What the task requires
Each entry must be restated word for word, with nothing omitted.

Records for this exercise
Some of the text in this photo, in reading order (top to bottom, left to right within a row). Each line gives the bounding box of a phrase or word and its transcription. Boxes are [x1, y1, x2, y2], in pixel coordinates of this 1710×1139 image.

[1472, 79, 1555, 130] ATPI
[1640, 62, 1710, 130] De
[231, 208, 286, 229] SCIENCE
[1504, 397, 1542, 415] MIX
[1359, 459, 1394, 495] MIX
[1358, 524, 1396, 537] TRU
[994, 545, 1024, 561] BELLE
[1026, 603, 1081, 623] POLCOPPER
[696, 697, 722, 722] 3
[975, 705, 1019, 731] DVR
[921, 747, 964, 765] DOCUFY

Result of the task
Some of the text in this photo, in reading order (top to bottom, left to right within a row). Each line gives the bounding box of a phrase or word and its transcription. Boxes are [x1, y1, x2, y2], in pixel coordinates of this 1710×1139 image.

[1472, 79, 1555, 130] ATPI
[1640, 62, 1710, 130] De
[231, 208, 286, 229] SCIENCE
[1504, 397, 1542, 415] MIX
[1359, 459, 1394, 495] MIX
[1358, 524, 1396, 537] TRU
[994, 545, 1024, 561] BELLE
[1026, 603, 1081, 623] POLCOPPER
[696, 697, 722, 722] 3
[975, 705, 1019, 731] DVR
[921, 747, 964, 765] DOCUFY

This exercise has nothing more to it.